TASK INSTRUCTIONS: Write out every record below exactly as given. Leave the pictures out.

(DATASET begins)

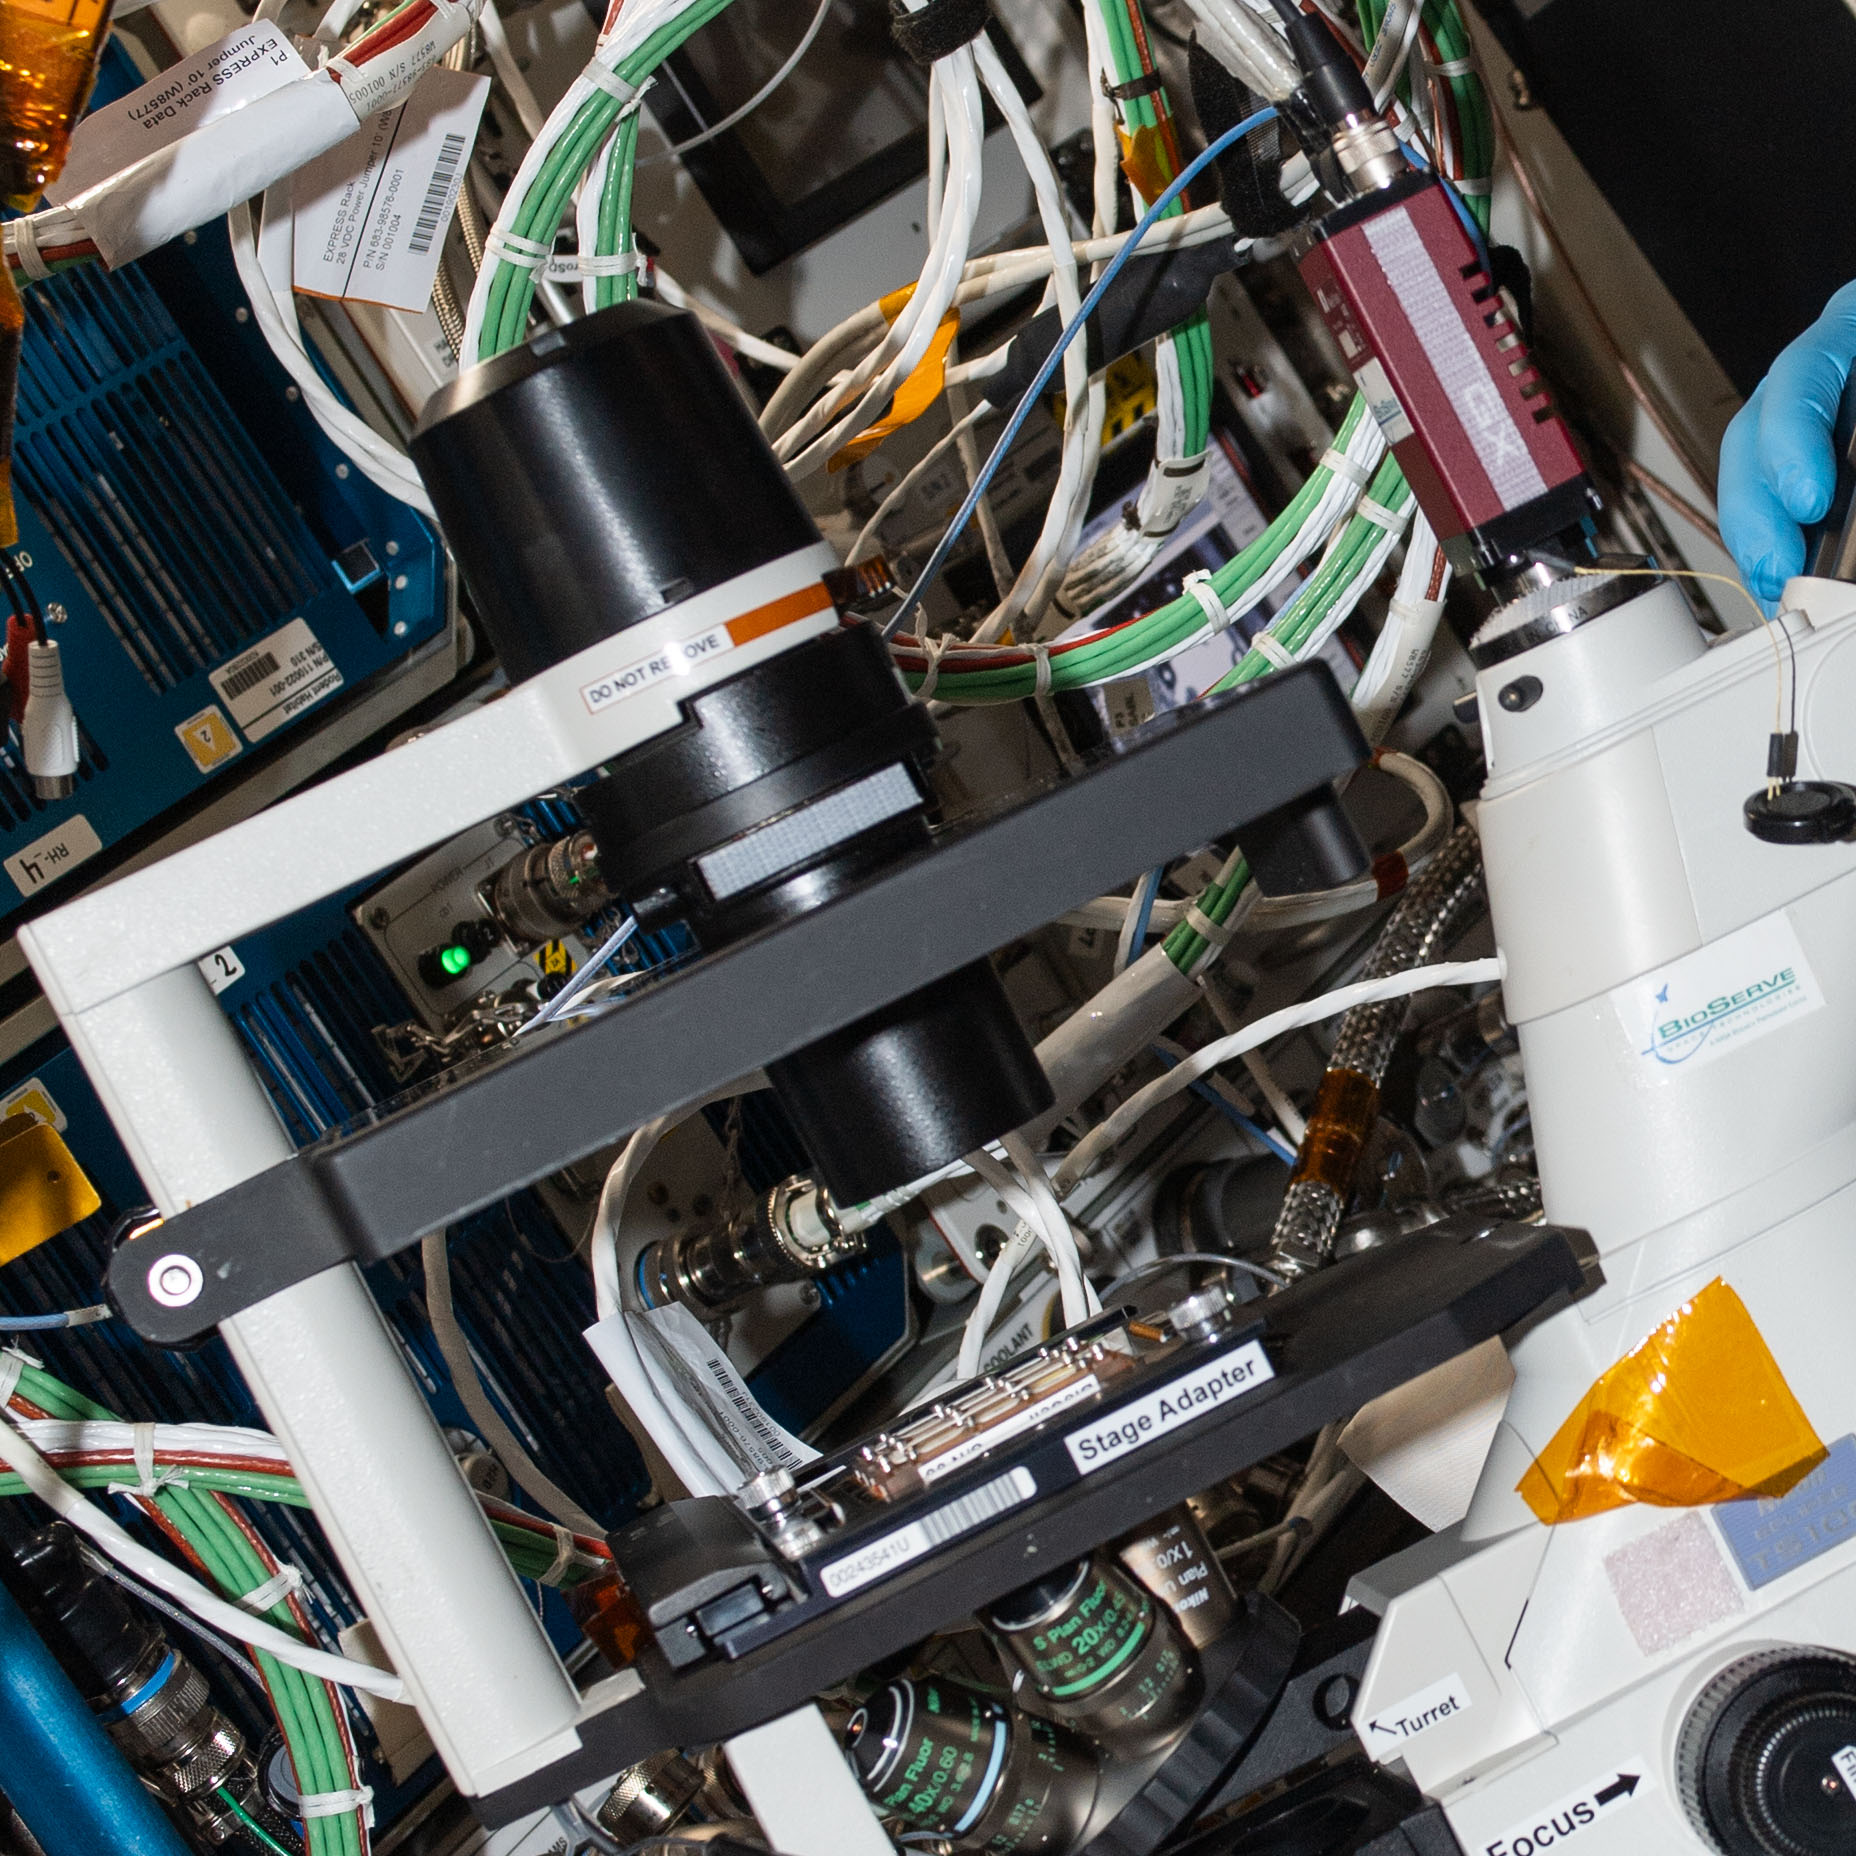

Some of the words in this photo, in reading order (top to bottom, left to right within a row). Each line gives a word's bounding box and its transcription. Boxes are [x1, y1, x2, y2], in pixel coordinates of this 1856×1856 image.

[204, 33, 257, 71] Jumper
[211, 39, 277, 85] EXPRESS
[270, 50, 287, 66] P1
[387, 61, 405, 78] S/N
[128, 81, 183, 120] (W8577)
[176, 82, 212, 107] Rack
[345, 76, 385, 103] 001005
[143, 106, 176, 129] Data
[359, 149, 378, 189] Jumper
[323, 207, 348, 261] EXPRESS
[341, 179, 356, 207] Rack
[349, 191, 367, 222] Power
[363, 247, 376, 268] P/N
[371, 167, 405, 248] 683-98576-0001
[341, 224, 356, 249] VDC
[381, 212, 403, 250] 001004
[335, 250, 349, 265] 28
[376, 251, 390, 271] S/N
[303, 639, 323, 657] S/N
[310, 651, 330, 668] P/N
[309, 670, 338, 697] Rodent
[589, 683, 615, 704] DO
[614, 669, 648, 693] NOT
[650, 636, 717, 673] REOVE
[281, 690, 313, 716] Habitat
[1079, 1416, 1151, 1459] Stage
[1160, 1361, 1253, 1420] Adapter
[1175, 1560, 1209, 1588] Plan
[1032, 1635, 1049, 1653] S
[1046, 1613, 1084, 1645] Plan
[1080, 1577, 1110, 1619] Fluor
[1396, 1697, 1458, 1735] Turret
[904, 1736, 936, 1784] Fluor
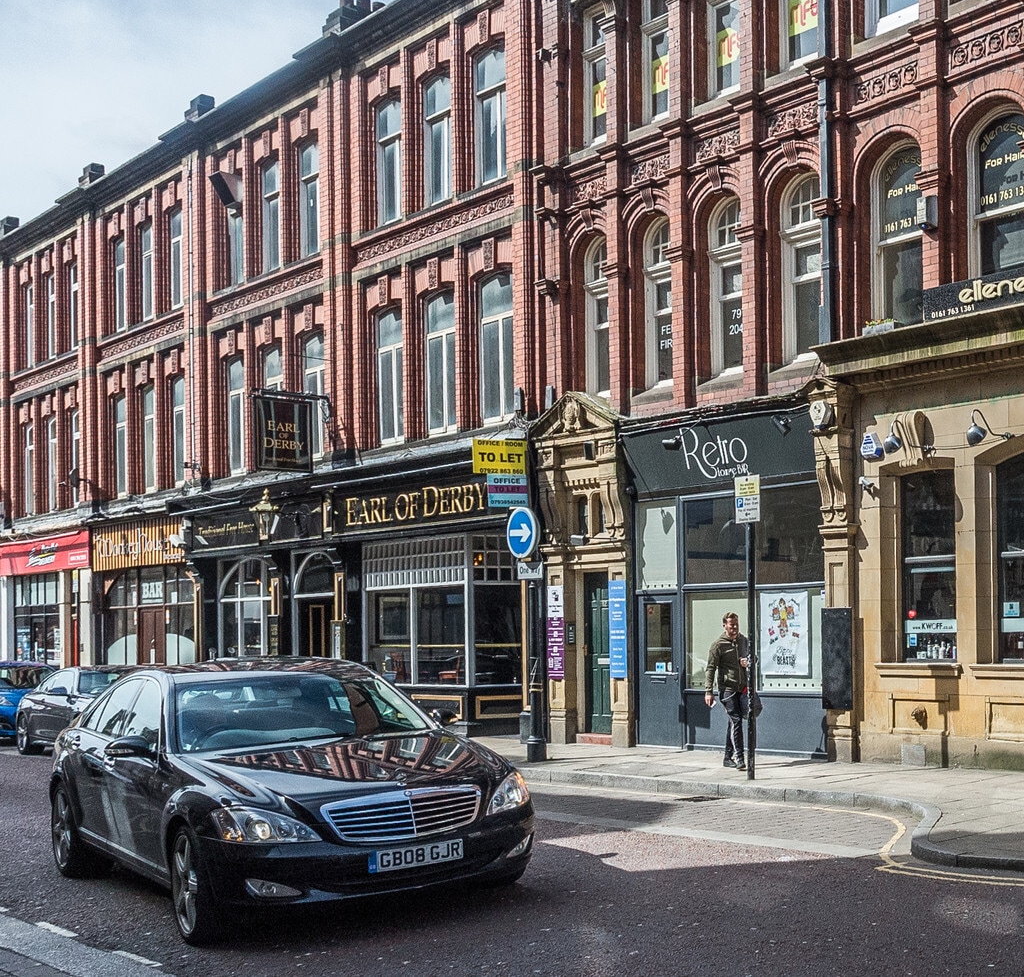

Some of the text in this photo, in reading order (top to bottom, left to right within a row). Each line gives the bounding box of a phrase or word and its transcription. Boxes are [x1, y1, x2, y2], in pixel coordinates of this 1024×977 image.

[884, 154, 922, 182] elleness
[980, 193, 997, 206] 0161
[1000, 188, 1013, 201] 763
[900, 218, 911, 230] 763
[931, 304, 975, 319] 0161 763 1361
[267, 420, 300, 434] EARL
[263, 438, 304, 450] DERBY
[478, 452, 523, 463] TO LET
[679, 427, 748, 479] Retro
[345, 482, 488, 527] EARL OF DERBY
[142, 582, 163, 598] BAR
[380, 841, 460, 869] GB08 GJR
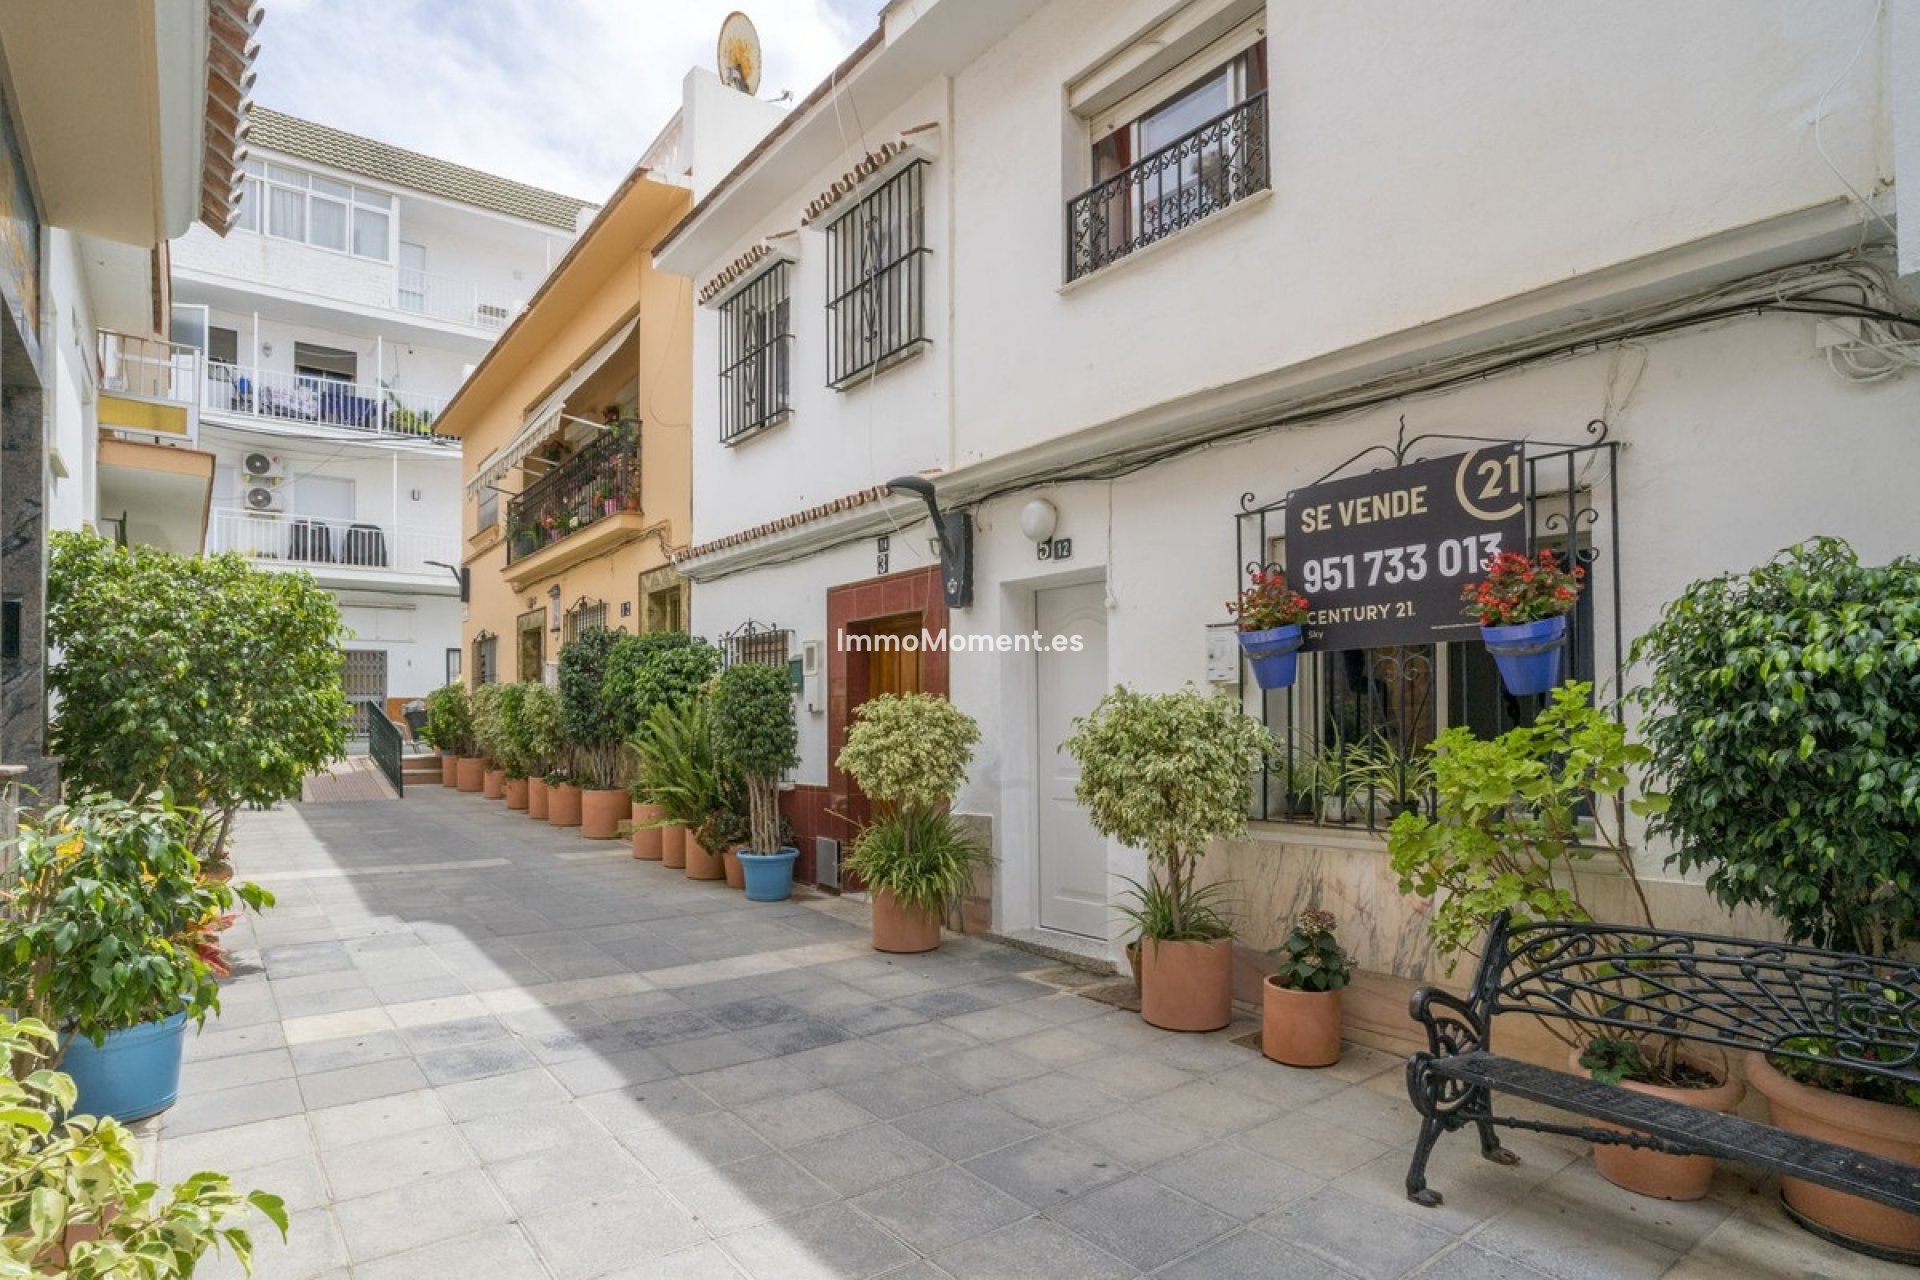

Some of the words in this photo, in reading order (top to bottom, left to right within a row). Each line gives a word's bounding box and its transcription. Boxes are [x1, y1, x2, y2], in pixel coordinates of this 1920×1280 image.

(DATASET ends)

RESULT OF THIS EXERCISE:
Some of the words in this photo, in reading order (top to bottom, left to right within a row). Each line gives a word's bounding box and its transcription. Boxes are [x1, y1, x2, y2], in pixel coordinates of this 1856×1856 image.

[204, 33, 257, 71] Jumper
[211, 39, 277, 85] EXPRESS
[270, 50, 287, 66] P1
[387, 61, 405, 78] S/N
[128, 81, 183, 120] (W8577)
[176, 82, 212, 107] Rack
[345, 76, 385, 103] 001005
[143, 106, 176, 129] Data
[359, 149, 378, 189] Jumper
[323, 207, 348, 261] EXPRESS
[341, 179, 356, 207] Rack
[349, 191, 367, 222] Power
[363, 247, 376, 268] P/N
[371, 167, 405, 248] 683-98576-0001
[341, 224, 356, 249] VDC
[381, 212, 403, 250] 001004
[335, 250, 349, 265] 28
[376, 251, 390, 271] S/N
[303, 639, 323, 657] S/N
[310, 651, 330, 668] P/N
[309, 670, 338, 697] Rodent
[589, 683, 615, 704] DO
[614, 669, 648, 693] NOT
[650, 636, 717, 673] REOVE
[281, 690, 313, 716] Habitat
[1079, 1416, 1151, 1459] Stage
[1160, 1361, 1253, 1420] Adapter
[1175, 1560, 1209, 1588] Plan
[1032, 1635, 1049, 1653] S
[1046, 1613, 1084, 1645] Plan
[1080, 1577, 1110, 1619] Fluor
[1396, 1697, 1458, 1735] Turret
[904, 1736, 936, 1784] Fluor

Some of the text in this photo, in reading order (top to bottom, left to right within a row). Each line gives the bounding box of a phrase or word and its transcription. Boxes are [x1, y1, x2, y2], in pixel coordinates of this 1024×977 image.

[884, 154, 922, 182] elleness
[980, 193, 997, 206] 0161
[1000, 188, 1013, 201] 763
[900, 218, 911, 230] 763
[931, 304, 975, 319] 0161 763 1361
[267, 420, 300, 434] EARL
[263, 438, 304, 450] DERBY
[478, 452, 523, 463] TO LET
[679, 427, 748, 479] Retro
[345, 482, 488, 527] EARL OF DERBY
[142, 582, 163, 598] BAR
[380, 841, 460, 869] GB08 GJR

Some of the words in this photo, in reading order (top to bottom, left to right within a row). Each line gives a word's bounding box and its transcription. Boxes are [x1, y1, x2, y2], in pixel coordinates of this 1920×1280 image.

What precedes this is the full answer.